Peola Spurlock said she figured her son was dead. She had received word last Saturday that apparently he had been "martyred" while fighting alongside the Palestine Liberation Organization in Beirut.
Last night, a Washington Post reporter met her as she arrived home from work and told her that her son, Isa Abdullah Ali, formerly Clevin Raphael Holt, was alive and had been interviewed in Beirut earlier in the day by Western correspondents.
"Oh, thank God, thank God," she said, running her hands through her hair and bursting into tears. "Is he really alive?"
Spurlock said she had not heard from him since he left for the Middle East about 1 1/2 years ago.
Abdullah told Post correspondent William Branigan in West Beirut yesterday that he was fighting for the liberation of Palestine, that he had killed a number of Israeli soldiers, and that although he was well, he expected eventually to be killed.
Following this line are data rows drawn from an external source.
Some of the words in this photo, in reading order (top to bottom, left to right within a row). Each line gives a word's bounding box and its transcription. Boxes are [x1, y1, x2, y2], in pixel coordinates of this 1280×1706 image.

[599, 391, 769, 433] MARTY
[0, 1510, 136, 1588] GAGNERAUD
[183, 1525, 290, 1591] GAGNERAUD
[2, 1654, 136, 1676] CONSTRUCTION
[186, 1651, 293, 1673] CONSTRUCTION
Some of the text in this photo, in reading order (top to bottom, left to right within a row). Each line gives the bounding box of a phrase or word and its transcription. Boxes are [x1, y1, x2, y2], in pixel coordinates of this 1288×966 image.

He is the first American known to be fighting alongside the PLO.
Last night his mother, who works in the public information office of the Peace Corps, said, "His story is a very, very weird story in American life as far as I'm concerned."
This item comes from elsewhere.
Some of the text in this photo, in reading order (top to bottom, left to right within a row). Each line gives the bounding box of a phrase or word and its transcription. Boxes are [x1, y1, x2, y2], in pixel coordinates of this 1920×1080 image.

She said he is one of eight children of a particularly close-knit family who dropped out of school in the ninth grade to join the U.S. Army. She described her son as a former choir boy of exceptional intelligence, who had always been fascinated by the military.
He falsified his age and enlisted at the age of 15, leaving a note that read: "Please don't look for me because I know God and I'm taking God with me," Spurlock said. He was discharged from the Army after 18 months and became a Muslim about eight years ago, she said. Since then she has known very little about where he has worked or what he has done.
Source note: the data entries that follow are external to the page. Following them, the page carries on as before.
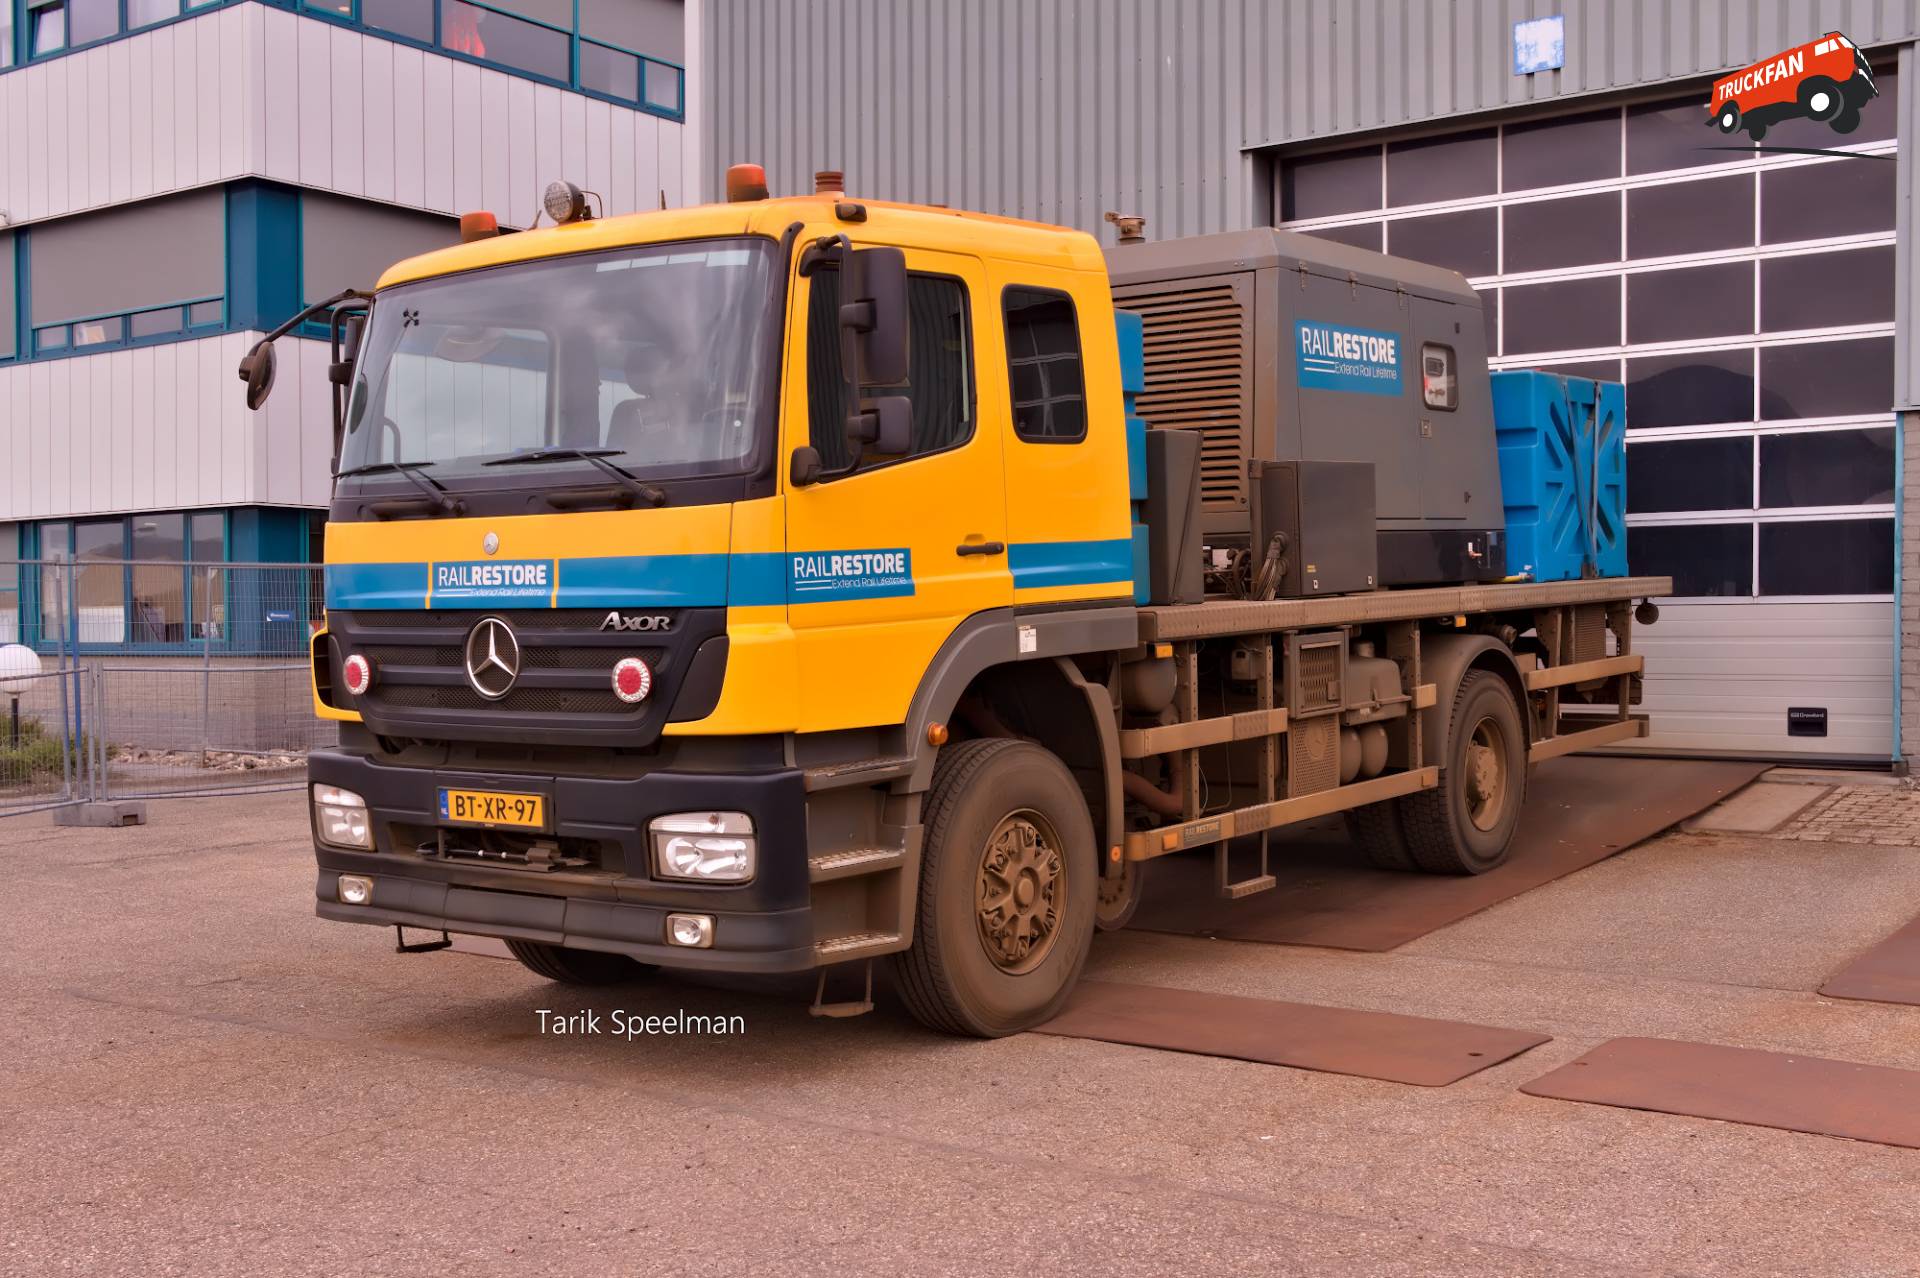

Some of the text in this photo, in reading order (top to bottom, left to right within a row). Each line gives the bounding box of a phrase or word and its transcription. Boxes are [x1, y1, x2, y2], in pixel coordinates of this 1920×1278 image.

[1301, 327, 1396, 364] RAILRESTORE
[1335, 362, 1359, 376] Extend
[1360, 365, 1372, 376] Rail
[439, 565, 547, 586] RAILRESTORE
[793, 553, 905, 578] RAILRESTORE
[832, 578, 860, 589] Extend
[861, 577, 876, 587] Rail
[455, 795, 537, 822] BT-XR-97
Abdullah, 25, was quoted yesterday as saying that his life in the United States was behind him and that he had no desire to return. He has a wife, Rimaah, and a 2-year-old child, named Alma-Maya, here and was to have sent for them, but decided not to because of the fighting in Lebanon, Spurlock said.
Of his grown brothers and sisters, one is an accountant, one is in law school, one is a secretary and another is a premedical student, she said.
Last night Spurlock and her children were scanning the television set, looking for possible pictures of her son. "I just wonder where I could have done something differently," she said.